Climate-specific psychotherapies: In addition to standard psychotherapeutic approaches, mental health theorists and clinicians have begun to create more specific guidance regarding climate change and other environmental issues. Writings in the ecopsychology tradition have long considered the interplay between personal mental health, connection to nature and the experience of environmental losses (e.g., Nicholsen, 2001; Macy & Young-Brown, 1998; Roszak, Gomes & Kanner, 1995). Weintrobe (2013) and Kiehl (2016) have approached climate change from the perspective of psychoanalytic and Jungian psychotherapy, while Davenport (2017) has created a clinician’s guide to resiliency in an era of climate change. Randall (2009) has developed a group therapy for individuals coping with climate change and other environmental concerns. More recently, grassroots initiatives based on a 12-step Recovery approach have addressed people’s grief about climate change (see Simmons, 2016). What these approaches have in common is a validation of the emotional aspects of climate change and engagement of the affected individuals’ values and hopes. By creating connections among like-minded individuals and a space to share stories and receive social support, these interventions create an opportunity for distressed individuals to move from isolation and despair to a sense of community and empowerment. To the extent that individuals can create or recover a sense of ecological connectedness to their home places, and see their local climate actions as important, they are less likely to fall prey to a disempowering focus on distant global problems beyond their control.
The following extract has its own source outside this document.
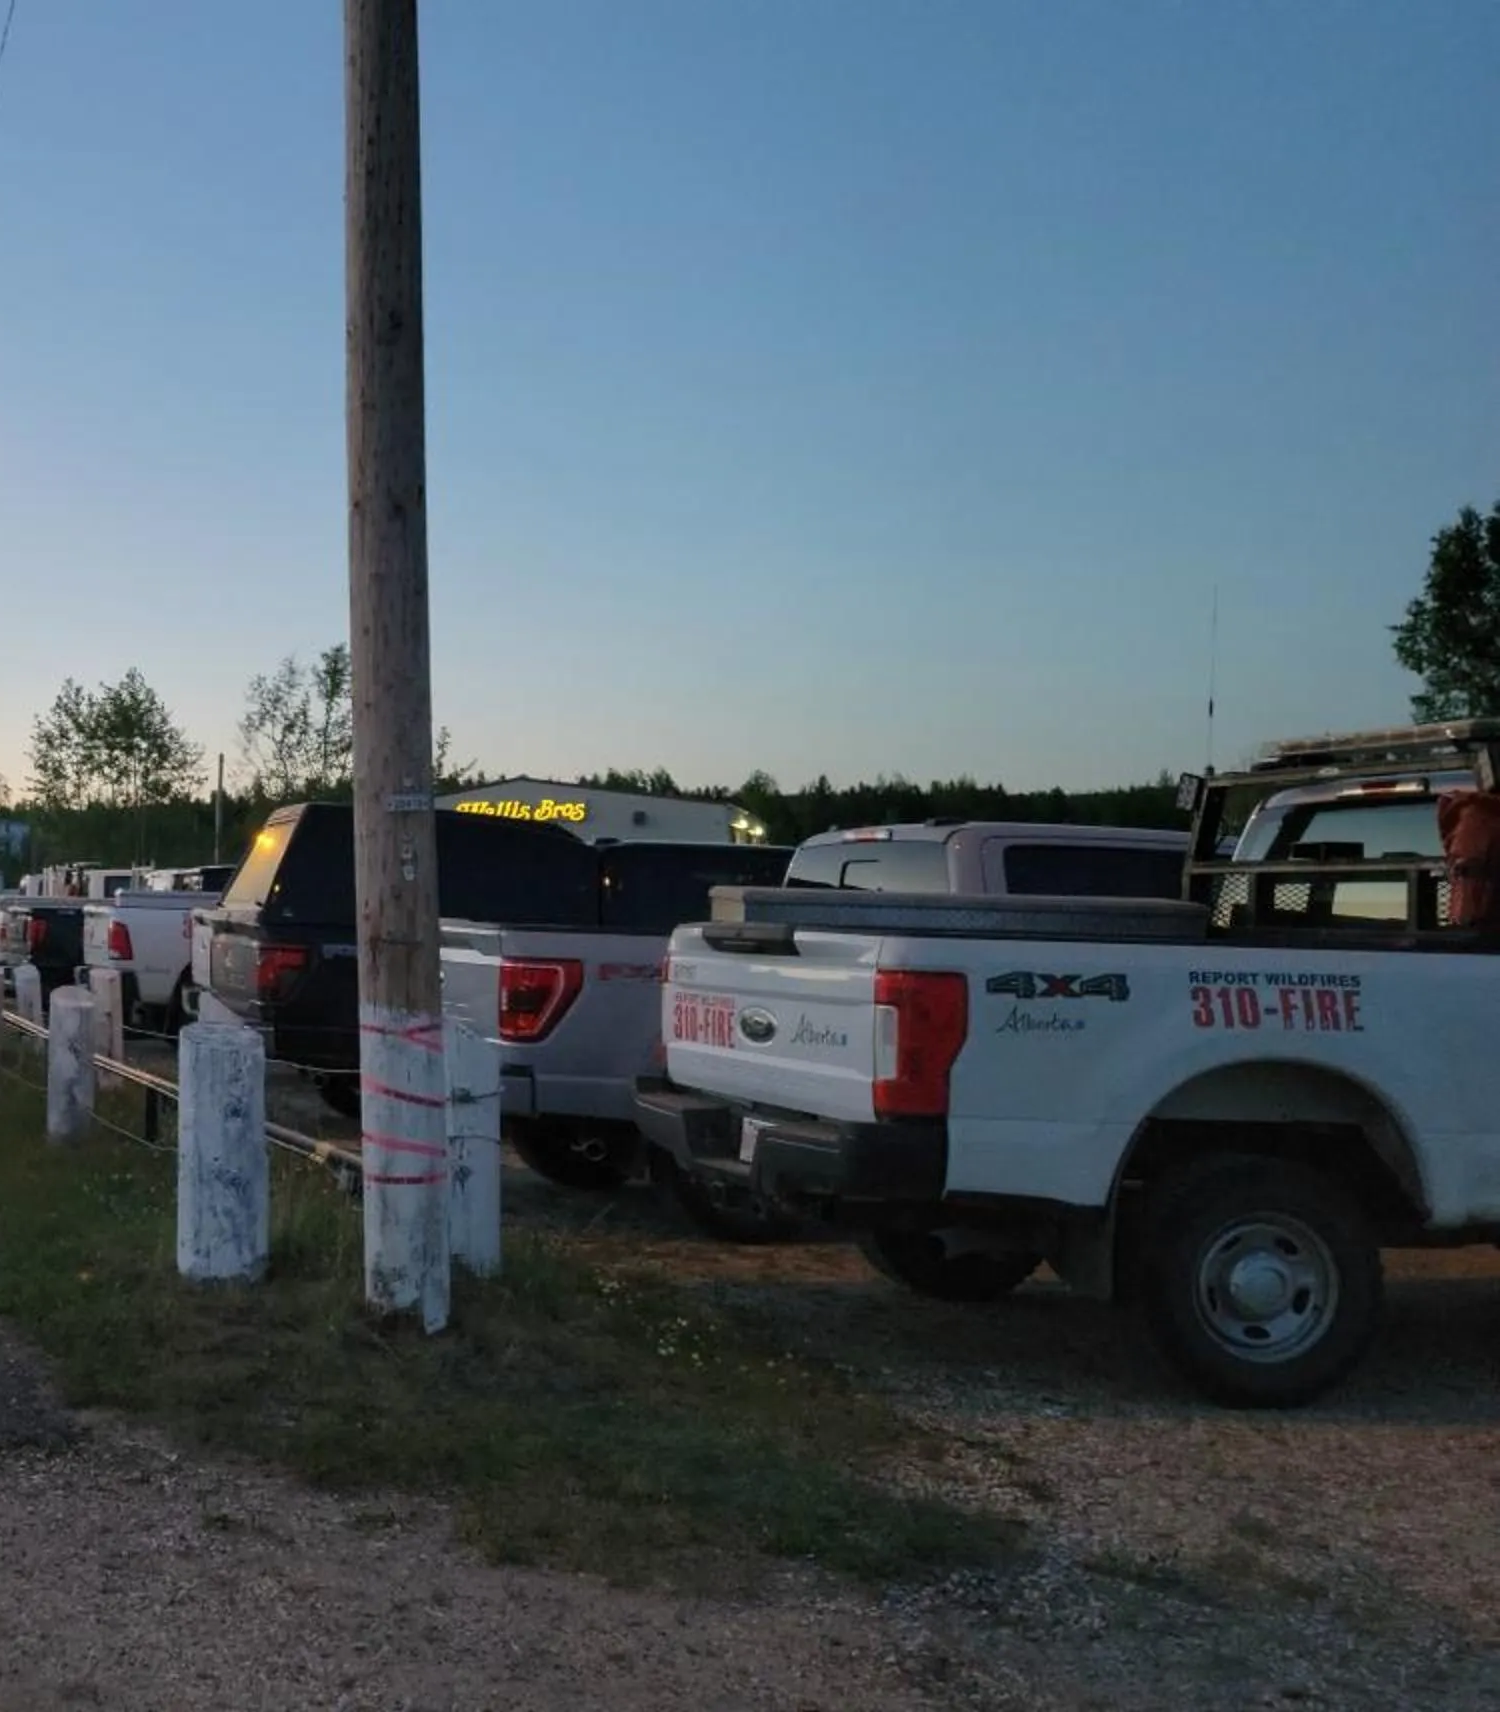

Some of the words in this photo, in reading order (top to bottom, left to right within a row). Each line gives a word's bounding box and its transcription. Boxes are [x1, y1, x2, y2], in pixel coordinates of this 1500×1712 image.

10.9 A positive message: Thriving in the era of global climate change

When reflecting on the mental health impacts of global climate change, one is confronted by two truths: We are all living as a “Climate Hostages” on a warming planet, and all humans have the potential for flourishing in adverse conditions. From a positive perspective, climate change is an invitation to reframe global consciousness from that of a collection of over-arching “wicked problems” to a wealth of possibilities for humanitarian and ecological actions. No one person or group can possibly address all the systemic issues related to global climate change. This realization is sobering. But, it also contains seeds of possibility for coping and response. The systemic nature of global climate change allows for many ways to engage. To positively address the problem of climate change, each person or group must engage with and help solve the problems within their scope of influence. Making progress on any one set of issues can contribute to both local and widespread solutions. As noted, if an individual or group can help to ameliorate poverty, improve regional cooperation, create innovative ways to scale up sustainable energy sources, or improve community healthcare or disaster response capabilities, they will be making an important contribution to “solving” the problem of climate change.
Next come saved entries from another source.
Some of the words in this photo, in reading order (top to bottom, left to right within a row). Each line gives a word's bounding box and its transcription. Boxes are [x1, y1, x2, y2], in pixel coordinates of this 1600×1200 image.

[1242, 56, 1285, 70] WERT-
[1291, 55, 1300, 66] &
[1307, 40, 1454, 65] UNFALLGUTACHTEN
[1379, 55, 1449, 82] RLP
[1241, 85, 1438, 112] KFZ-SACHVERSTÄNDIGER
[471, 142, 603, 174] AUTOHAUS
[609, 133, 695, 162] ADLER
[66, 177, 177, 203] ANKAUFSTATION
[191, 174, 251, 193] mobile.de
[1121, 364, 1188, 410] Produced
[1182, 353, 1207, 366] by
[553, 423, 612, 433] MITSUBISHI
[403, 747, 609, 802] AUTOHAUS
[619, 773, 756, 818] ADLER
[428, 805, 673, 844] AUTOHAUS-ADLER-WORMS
This chapter addressed the challenge of framing the mental health impacts of climate change broadly, by examining a spectrum of issues from direct and acute disaster impacts, to chronic social and economic stresses, to despair at witnessing climate problems at a distance. The mental health functioning of individuals was distinguished from their positive opportunities for flourishing, as these are both negatively affected by climate change. Groups vulnerable to climate change impacts and common barriers to coping were highlighted, as well as strategies for engagement and personal and therapeutic responses. To foster psychological flourishing in the context of climate change requires protecting and bolstering mental health in the wake of disasters as well as promoting positive emotions, a sense of meaning, and belief in society. To this end, psychologists and other mental health professionals have a role to play as researchers, disaster first responders, and as confidants in intimate therapeutic settings. To the extent that individuals (and psychologists and other mental health professionals) can manifest their potential for flourishing, and to use their capabilities to address the societal impacts of climate change within their scope of influence, it is possible to imagine thriving in an era of global climate change.